In this photo composite, I cut out my granddaughter and the wings using the Magic Wand Tool, then pasted her over a new background. | Source

Healing Brush Tool

Next is an icon that looks like a little Band-Aid. It is the Spot Healing Brush Tool (J) and the Healing Brush Tool. I have used this a lot with my older photographs that have little scratches and dust. These old photos can be healed! The Healing Brush Tool like the Brush tool can be adjusted in size and softness to work a number of areas, especially in photographs. Under that is the Patch Tool, Content-Aware Move Tool, and the Red Eye Tool. As you can probably tell from the names of the tools, these are mostly for photographs.
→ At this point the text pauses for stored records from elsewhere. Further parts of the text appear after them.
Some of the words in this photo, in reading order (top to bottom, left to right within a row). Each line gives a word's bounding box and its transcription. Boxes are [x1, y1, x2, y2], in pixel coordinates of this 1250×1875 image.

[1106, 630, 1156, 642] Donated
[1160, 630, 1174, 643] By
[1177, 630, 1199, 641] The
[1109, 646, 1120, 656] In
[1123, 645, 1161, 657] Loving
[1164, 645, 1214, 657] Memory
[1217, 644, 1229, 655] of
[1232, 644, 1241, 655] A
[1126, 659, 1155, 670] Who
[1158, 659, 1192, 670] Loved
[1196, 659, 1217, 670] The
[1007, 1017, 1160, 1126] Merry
The Content-Aware tools are new to CS6 and CC. I don’t think you will find them in older versions. They are cool tools but not something I used every day.

Photos Healed

Spots and artifacts on an old photo
Spots and artifacts on an old photo | Source
With the Healing Brush they disappear.
With the Healing Brush they disappear. | Source

Brush Tool

Next is my favorite, the Brush Tool (B) designated by a little paintbrush. This tool has many things that go along with it to make it work. To use the brush tool you must choose a color from the color picker, adjust the size and hardness, Opacity and Flow as well as the Pressure Control button. I will go into all these later. Under the Brush Tool is the Pencil Tool. This is one I hardly ever use because it doesn’t really behave like a pencil. The default setting is 1 pixel and hardness at 100%. You can get the same thing by choosing a brush, reducing the size to 1 pixel and increase the Hardness to 100%. Under that is the Color Replacement Tool and the Mixer Brush Tool, both of which I have never needed or used.

Paint With Brushes

Picture painted with Photoshop Brushes Tool
Picture painted with Photoshop Brushes Tool | Source

Finished Part 2

This was less than half of the tools listed on the Toolbar. I will cover the rest later. I hope this introduction helps you get acquainted with your program. Like I said before the more you play with it and work on small projects, the more you will be able to remember shortcuts and tool functions. Have fun.